> [DESCRIPTION OF THE TASK]
Retype the data that follows exactly. No pictures belong in the copy.

> [SOURCE MATERIAL]
______________________________
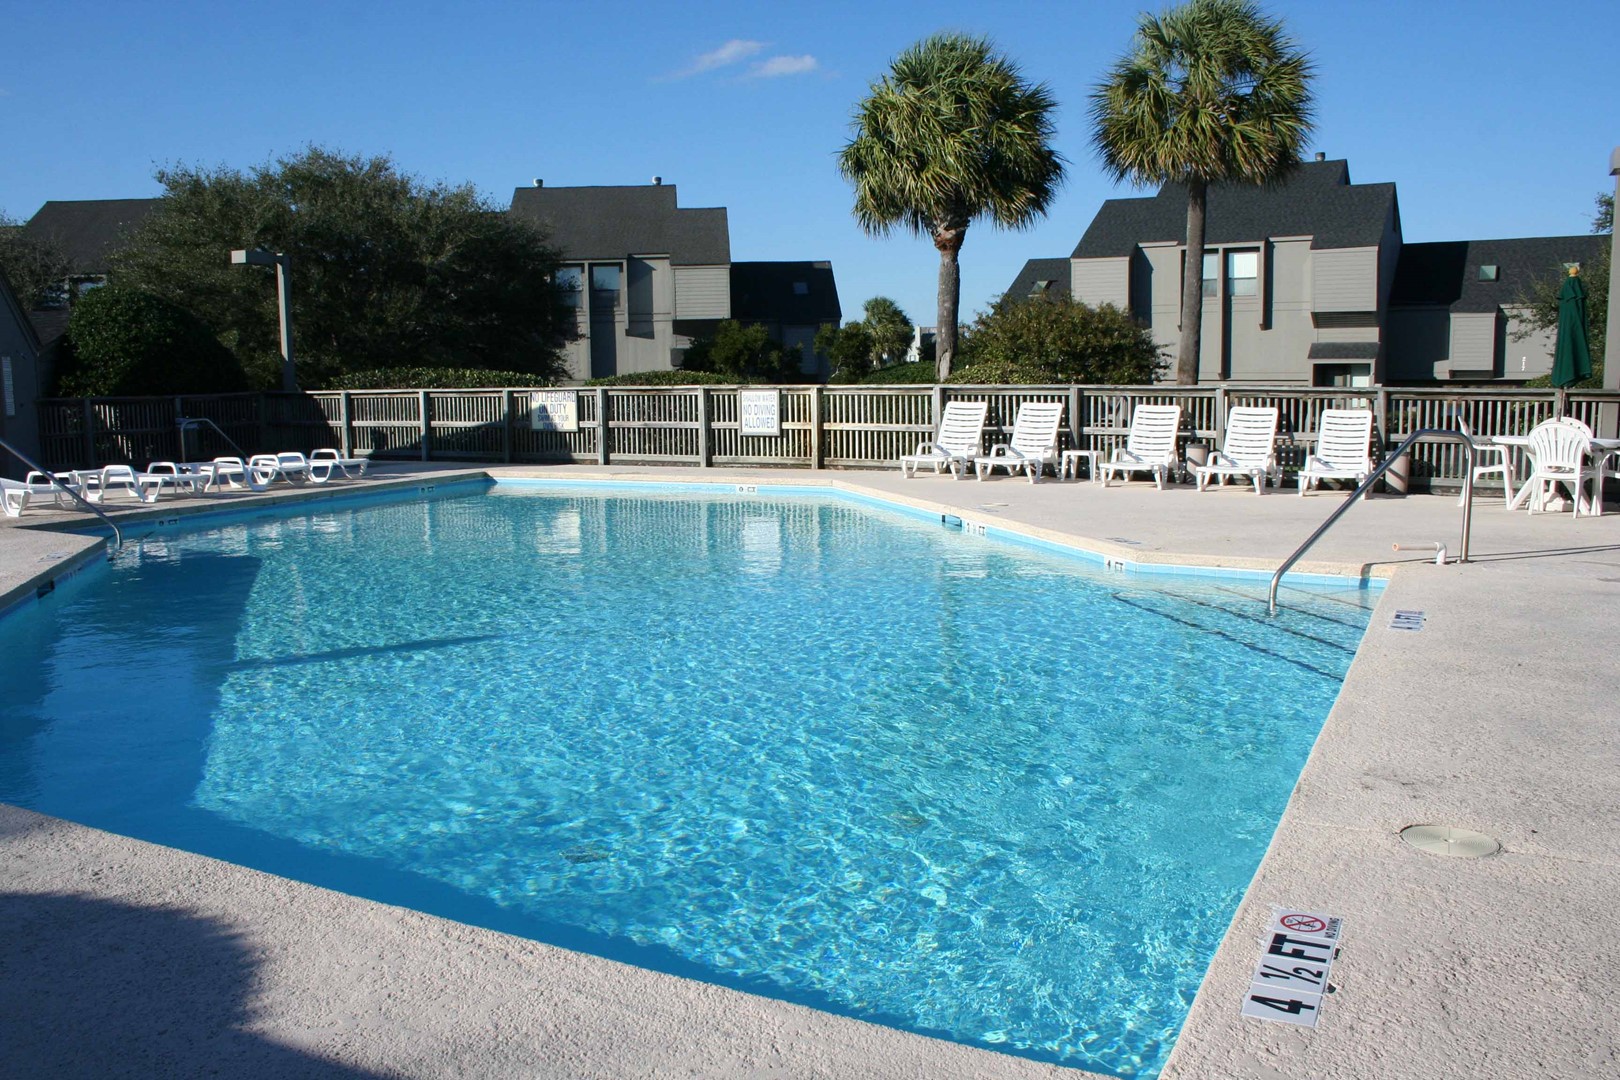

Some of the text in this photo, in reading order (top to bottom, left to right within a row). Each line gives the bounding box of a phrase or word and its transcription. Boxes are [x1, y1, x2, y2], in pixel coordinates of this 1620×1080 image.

[531, 391, 576, 403] NO LIFEGUARD
[538, 403, 567, 414] ON DUTY
[743, 404, 776, 416] NO DIVING
[744, 417, 775, 429] ALLOWED
[1267, 932, 1331, 963] FT
[1250, 994, 1316, 1015] 4
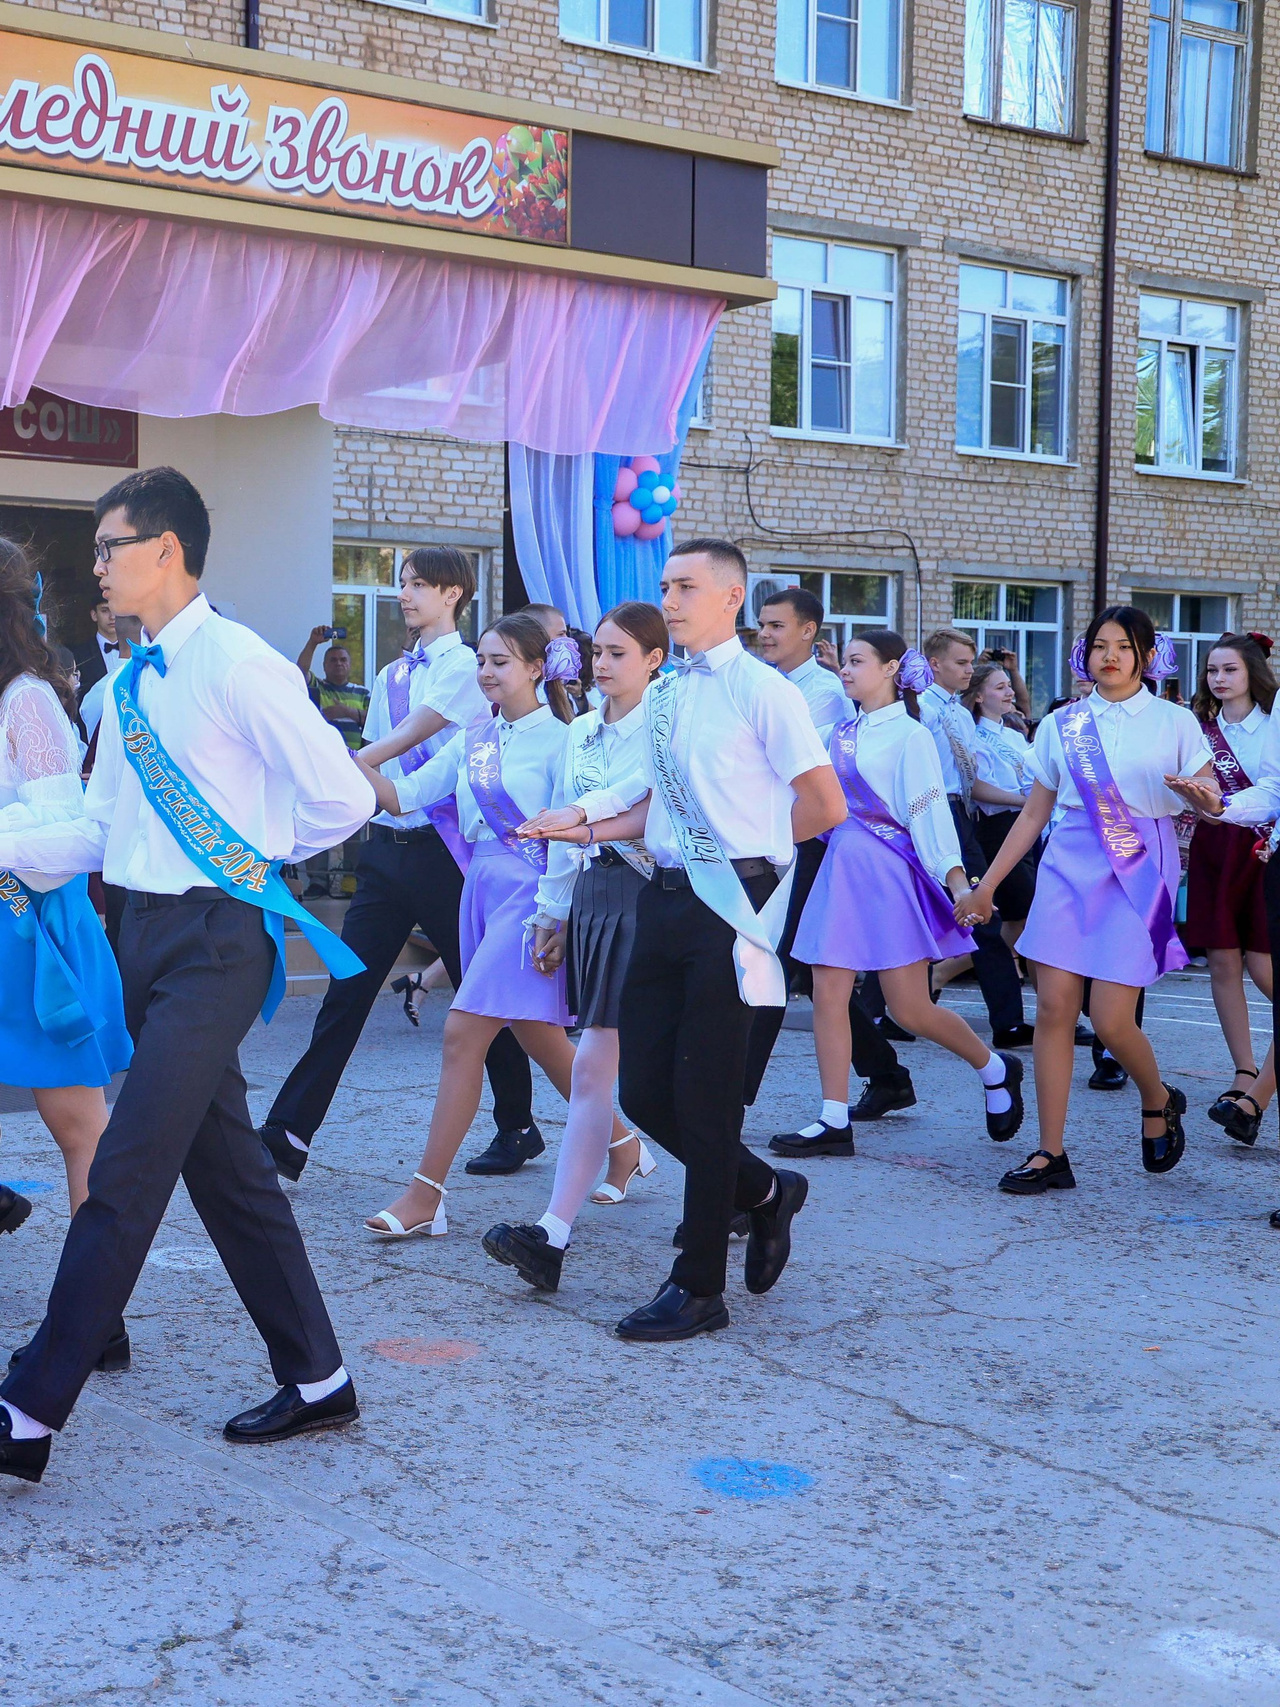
______________________________
> [PROBLEM SOLUTION]
Some of the text in this photo, in reading order (top to bottom, left to right within a row). Each line gives the bounding box of a phrase or word and its transcription. Boxes are [x1, y1, x2, y2], in pixel coordinates of this 1620×1080 image.

[531, 391, 576, 403] NO LIFEGUARD
[538, 403, 567, 414] ON DUTY
[743, 404, 776, 416] NO DIVING
[744, 417, 775, 429] ALLOWED
[1267, 932, 1331, 963] FT
[1250, 994, 1316, 1015] 4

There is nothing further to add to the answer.